Diosa volcánica del Etna
Aetna es una ninfa de los tiempos antiguos, hija de Urano y Gea, lo que la sitúa entre las deidades más primordiales de la cosmología griega. Su dominio específico es el Etna, el famoso volcán de Sicilia, uno de los fenómenos naturales más espectaculares del mundo conocido por los antiguos griegos. Como diosa volcánica, Aetna presidiría sobre las fuerzas subterráneas que generan la erupción y el fuego de la montaña.
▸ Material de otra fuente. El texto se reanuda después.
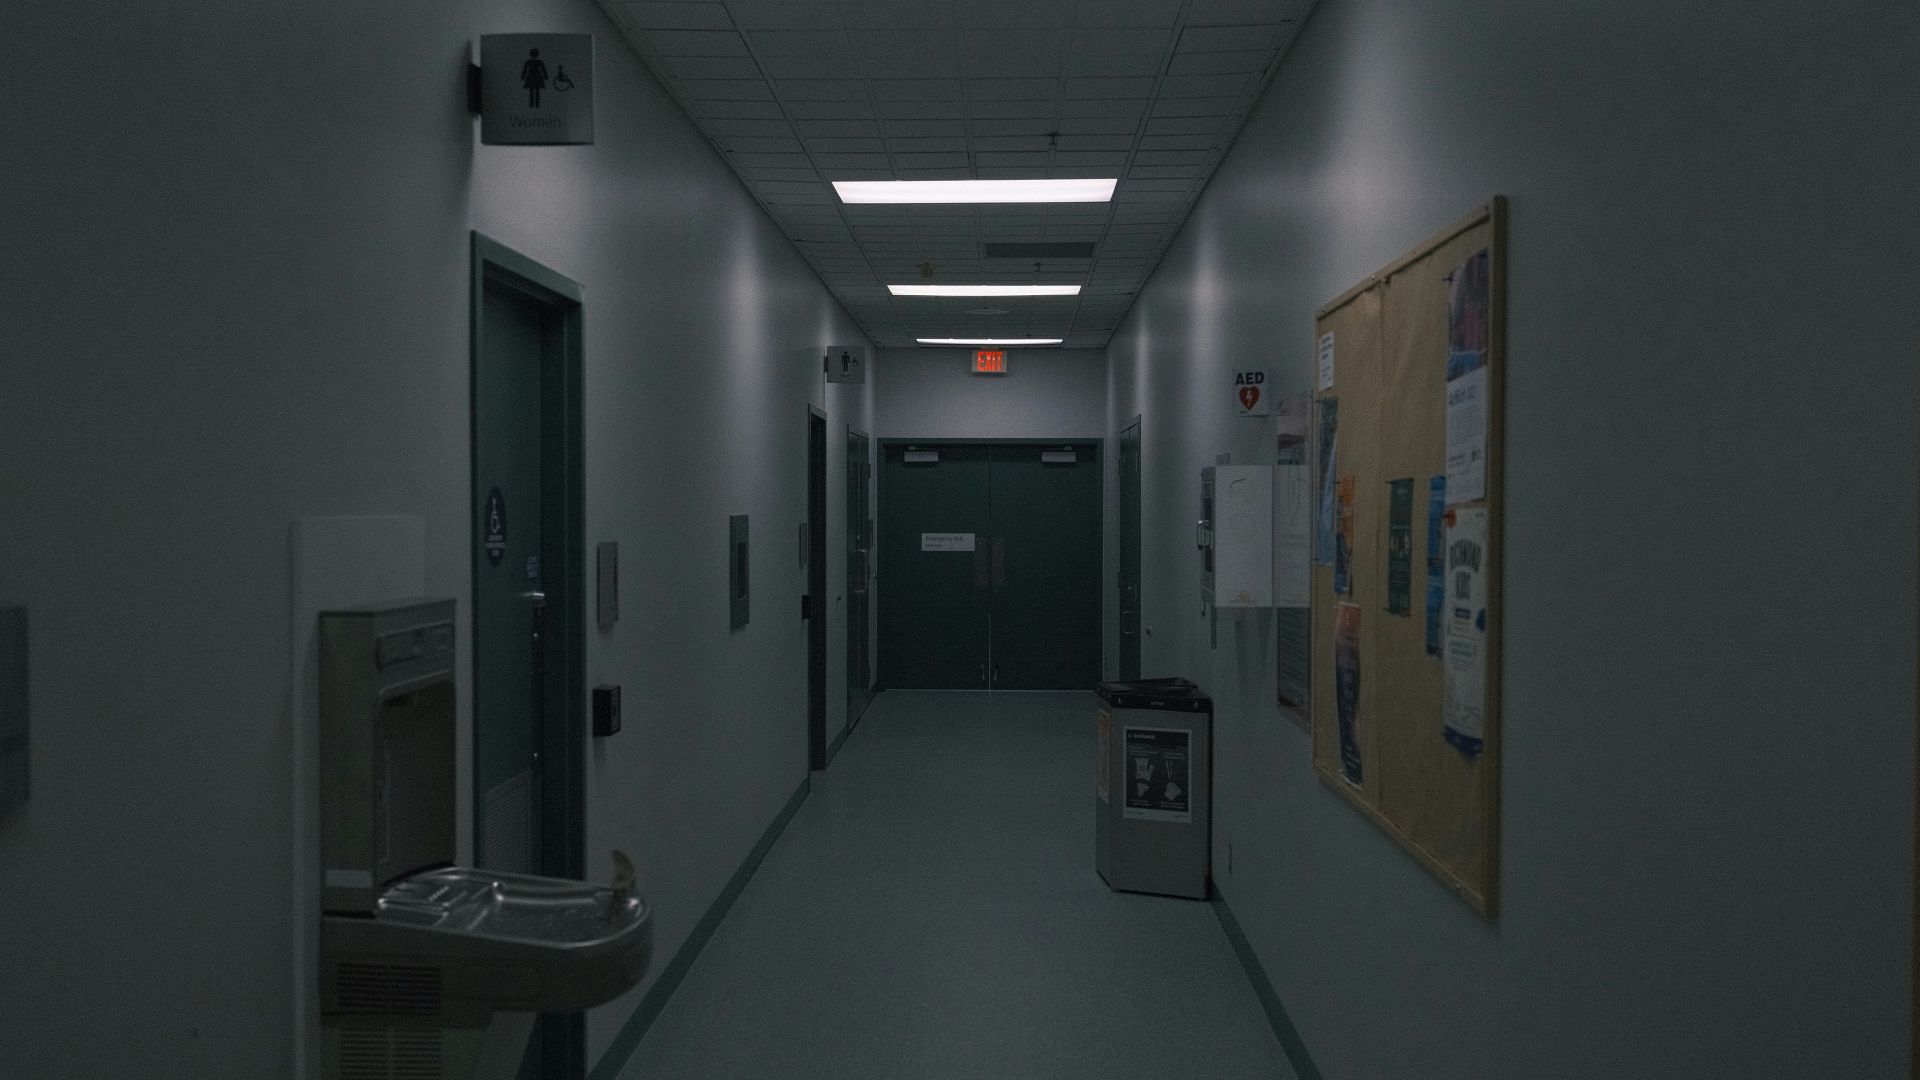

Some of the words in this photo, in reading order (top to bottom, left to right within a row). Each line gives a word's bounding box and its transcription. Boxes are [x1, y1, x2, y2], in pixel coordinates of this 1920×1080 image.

[509, 115, 561, 128] Women
[977, 351, 1003, 371] EXIT
[1235, 371, 1265, 386] AED
Lo que resulta notable es que, aunque el Etna es una característica prominente del paisaje mediterráneo, Aetna es de esas deidades que no acaparó la atención mitológica. No tenemos relatos de sus aventuras, sus amores o sus conflictos como tenemos de otros dioses y diosas. Su existencia parece haber sido más bien localizada y específica: una presencia divina vinculada a un lugar particular, más que una figura de alcance panhelénico.
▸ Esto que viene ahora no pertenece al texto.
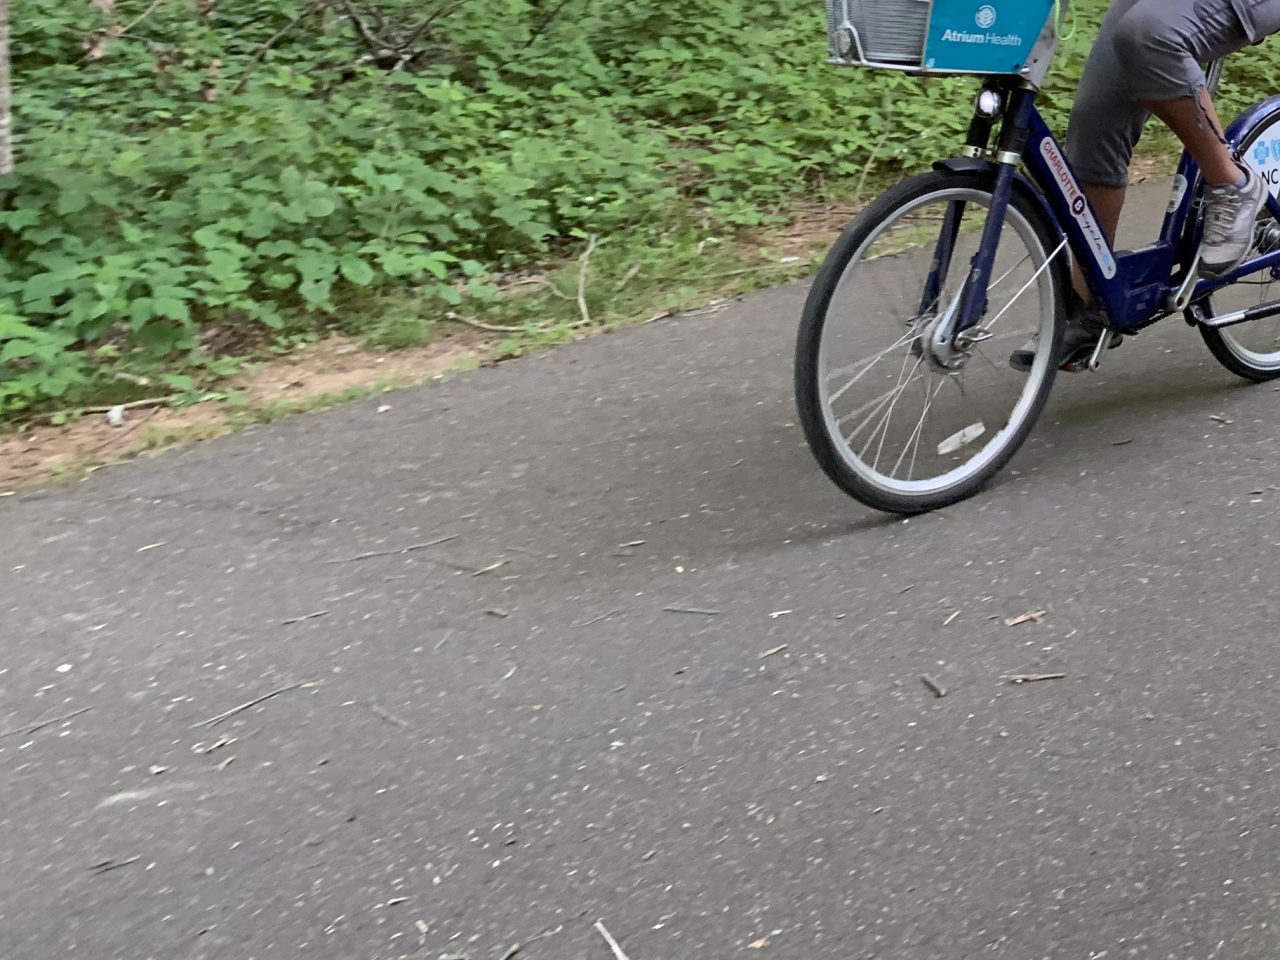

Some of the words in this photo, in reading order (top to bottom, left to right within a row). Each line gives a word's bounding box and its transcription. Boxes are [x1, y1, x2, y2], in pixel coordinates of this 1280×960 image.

[941, 29, 984, 43] Atrium
[985, 32, 1022, 46] Health
[1044, 141, 1077, 199] CHARLOTTE
[1262, 168, 1279, 185] NC
En cierto sentido, Aetna representa una categoría especial de deidades menores: aquellas que personifican lugares concretos. Así como cada río tenía su dios fluvial y cada bosque sus ninfas de los árboles, el Etna tenía en Aetna su manifestación divina femenina. Su legado es el de la geografía divinizada, el reconocimiento de que los lugares magníficos y peligrosos del mundo merecían ser reconocidos como habitados por inteligencia y poder divino.